Ana : Então, a Silvia era uma professora de Psicologia Social. Quando terminei a minha monitoria, em comportamental, eu estava no segundo ou no terceiro ano. Depois disso, eu saí dessa monitoria e fui pra monitoria de Psicologia Social, em que acompanhei a Silvia Lane. Eu fiquei muito tempo com a Silvia, porque ela foi minha professora, mas, como monitora, foi durante pouco tempo, porque ela foi convidada para abrir uma pós-graduação em Psicologia Social.
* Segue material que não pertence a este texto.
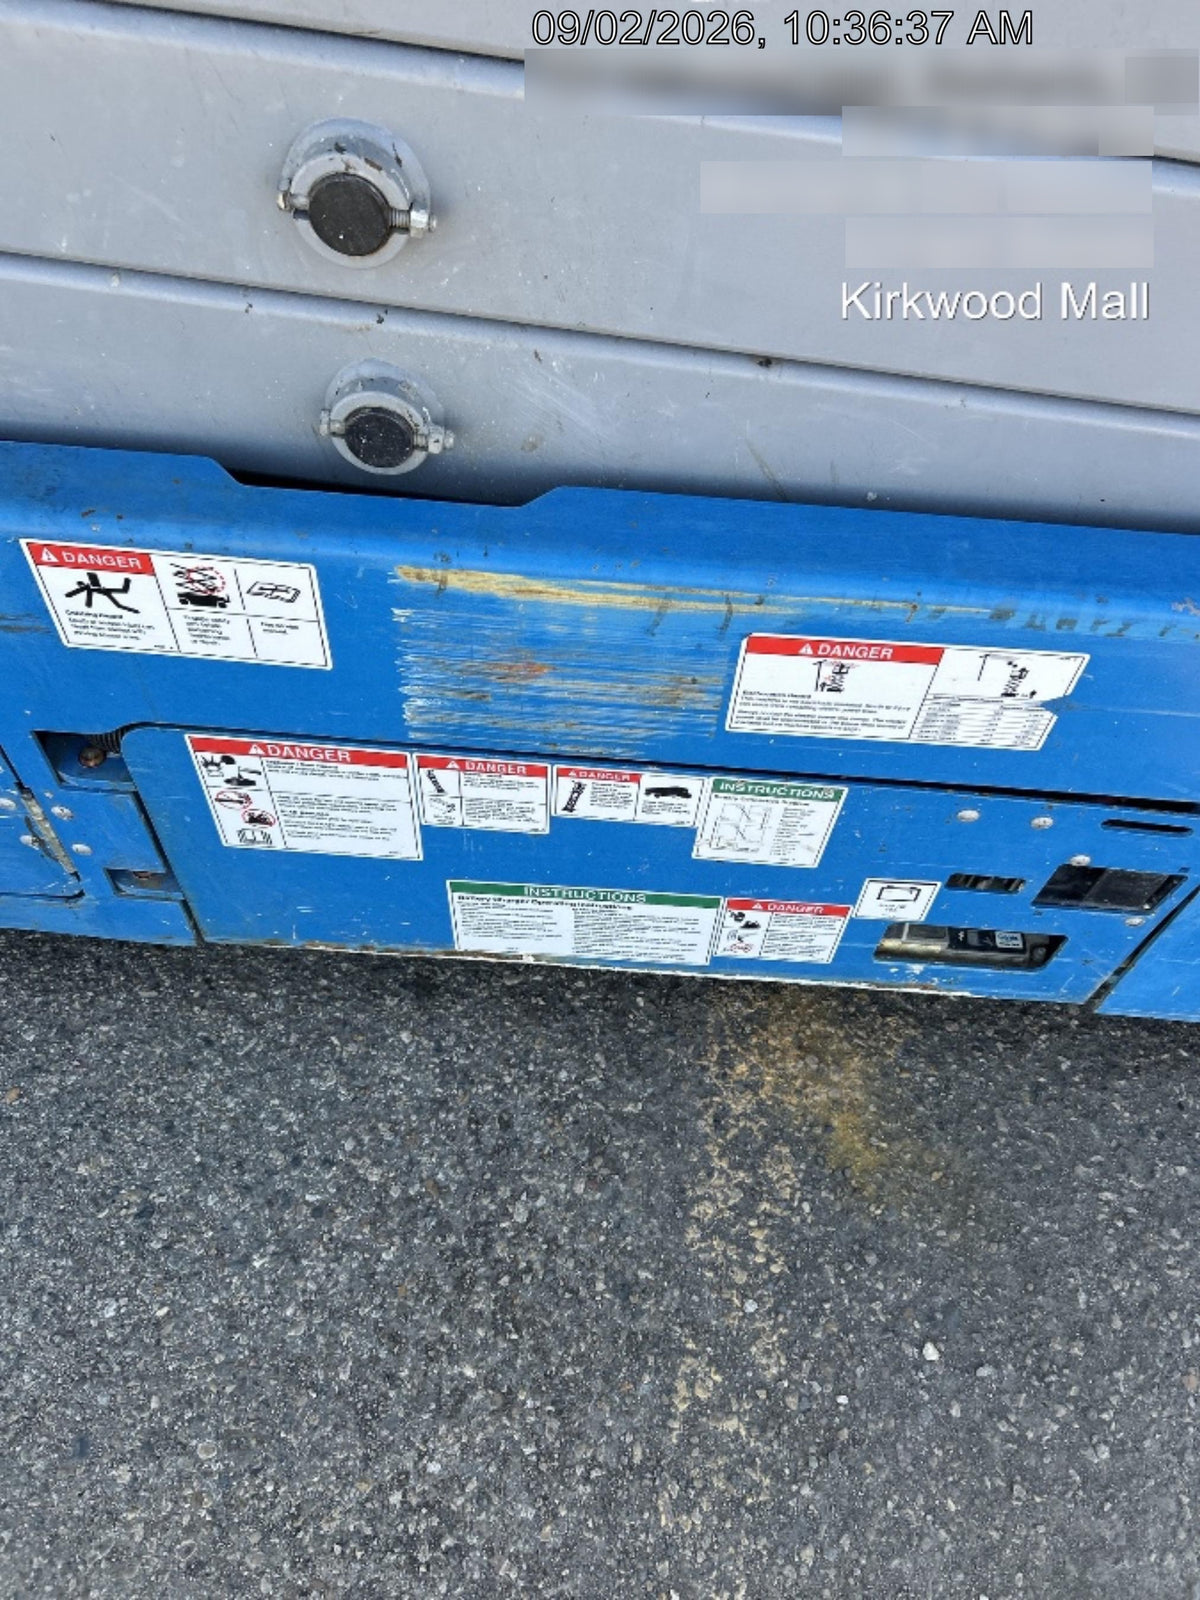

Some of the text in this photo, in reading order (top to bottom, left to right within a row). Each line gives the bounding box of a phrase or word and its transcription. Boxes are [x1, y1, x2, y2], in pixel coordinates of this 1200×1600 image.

[62, 550, 142, 570] DANGER
[817, 642, 893, 660] DANGER
[266, 744, 351, 762] DANGER
[465, 760, 527, 775] DANGER
[576, 770, 630, 781] DANGER
[719, 781, 836, 799] INSTRUCTIONS
[523, 886, 647, 903] INSTRUCTIONS
[767, 902, 824, 915] DANGER
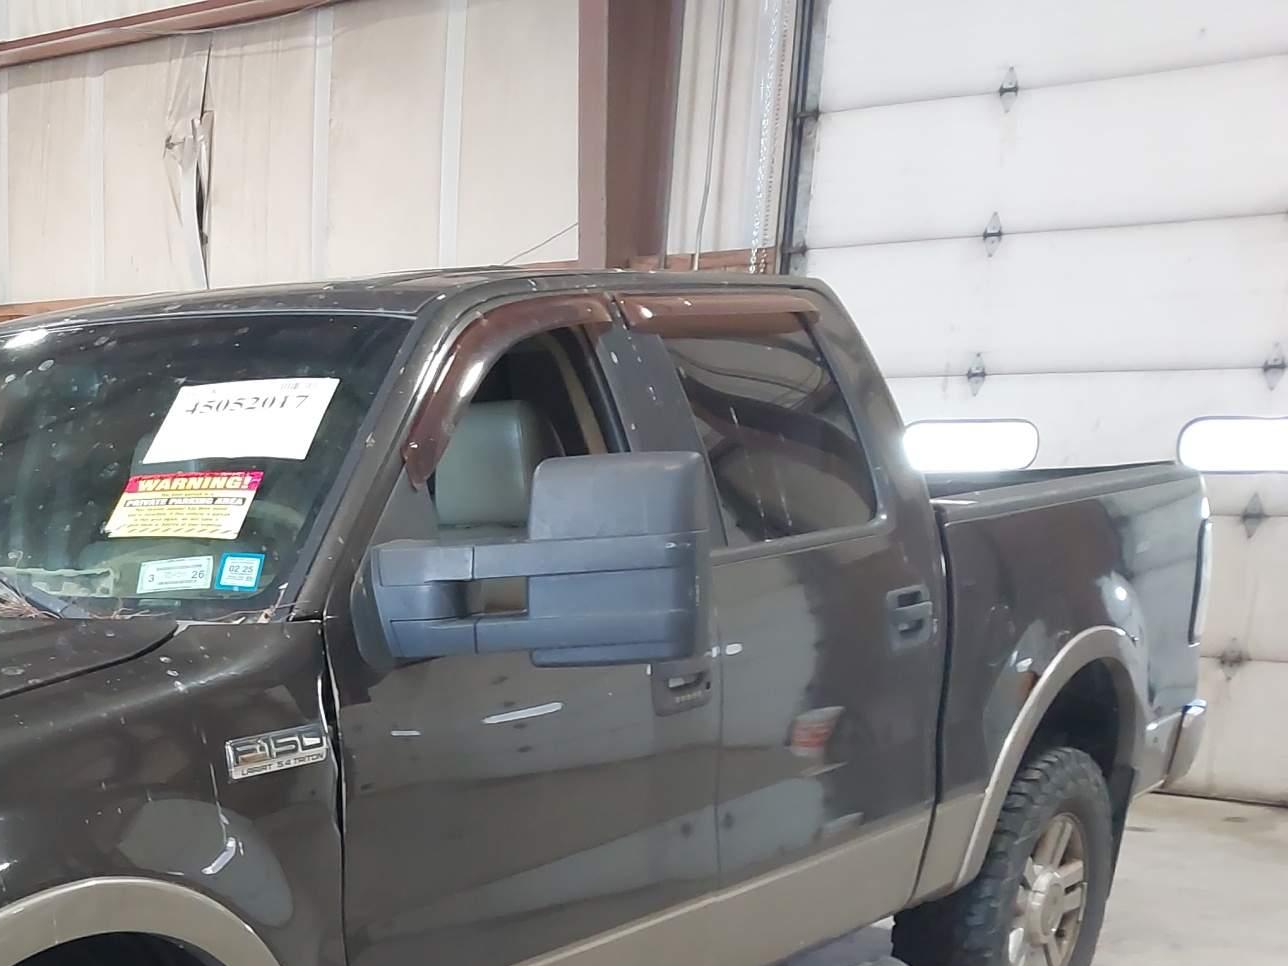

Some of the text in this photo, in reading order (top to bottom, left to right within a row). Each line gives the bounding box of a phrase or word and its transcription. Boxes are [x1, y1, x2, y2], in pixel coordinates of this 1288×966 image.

[185, 395, 310, 415] 45052017
[138, 473, 252, 492] WARNING!
[148, 574, 155, 583] 3
[191, 570, 205, 579] 26
[228, 565, 254, 573] 02 25
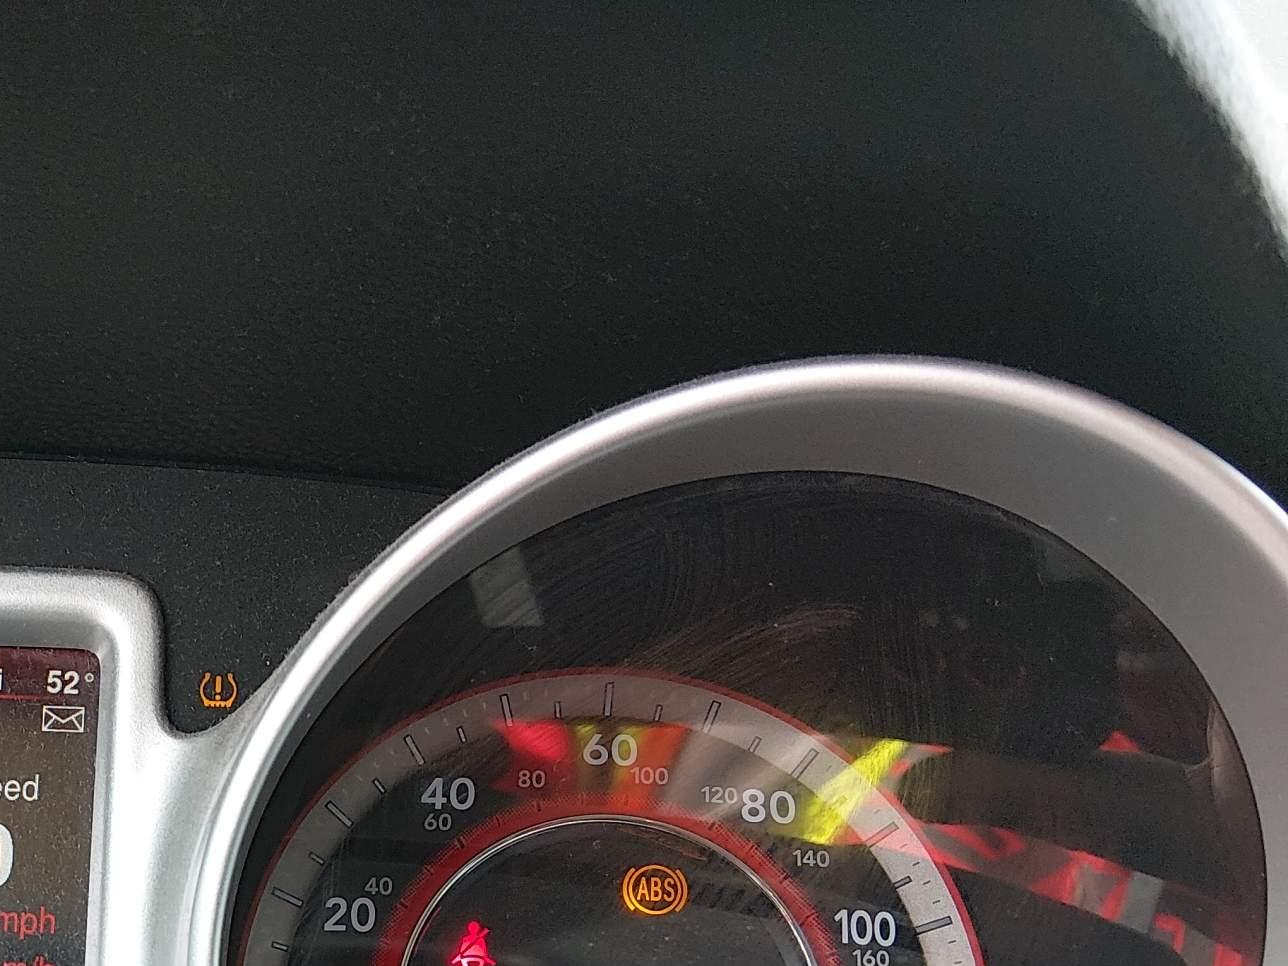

Assim, ela foi embora pra pós. Mas eu fiquei com a equipe dela, com a qual eu passei a trabalhar. Mais pra frente eu iria me matricular na pós-graduação como aluna dela. A Silvia foi uma diretora muito interessante, muito inquieta. Ela fazia questão de produzir uma inquietação no curso. Nesse sentido, eu me lembro de ter sido representante dos alunos no conselho departamental. Ela sempre queria nos desafiar, ela desafiava aquele coletivo a pensar alguma coisa diferente no curso. Por isso, ela foi, de certa forma, a idealizadora dos núcleos. Eu diria até que a gente poderia dizer que ela efetivamente foi essa idealizadora, porque ela tinha a preocupação de que a prática dos estágios fosse sempre acompanhada pela reflexão teórica. Assim, ela trouxe essa preocupação e é o conjunto desses professores e alunos que vai inventar o que até hoje existe na PUC: trata-se dos núcleos, que consistem num estágio que você faz na instituição, acompanhado de disciplinas teóricas que subsidiam, que refletem, que questionam aquela prática. Nunca é uma prática solta. Muitos cursos têm os estágios soltos, isto é: depois que você fez todas as disciplinas teóricas, você faz o estágio. A PUC não. Ali, o estágio é acompanhado de disciplinas teóricas: são três, quatro disciplinas teóricas que o acompanham. E isso vem da preocupação da Silvia com essa ideia de que a prática nunca podia estar solta, porque o estágio não deveria ser pensado como uma aplicação da técnica, né?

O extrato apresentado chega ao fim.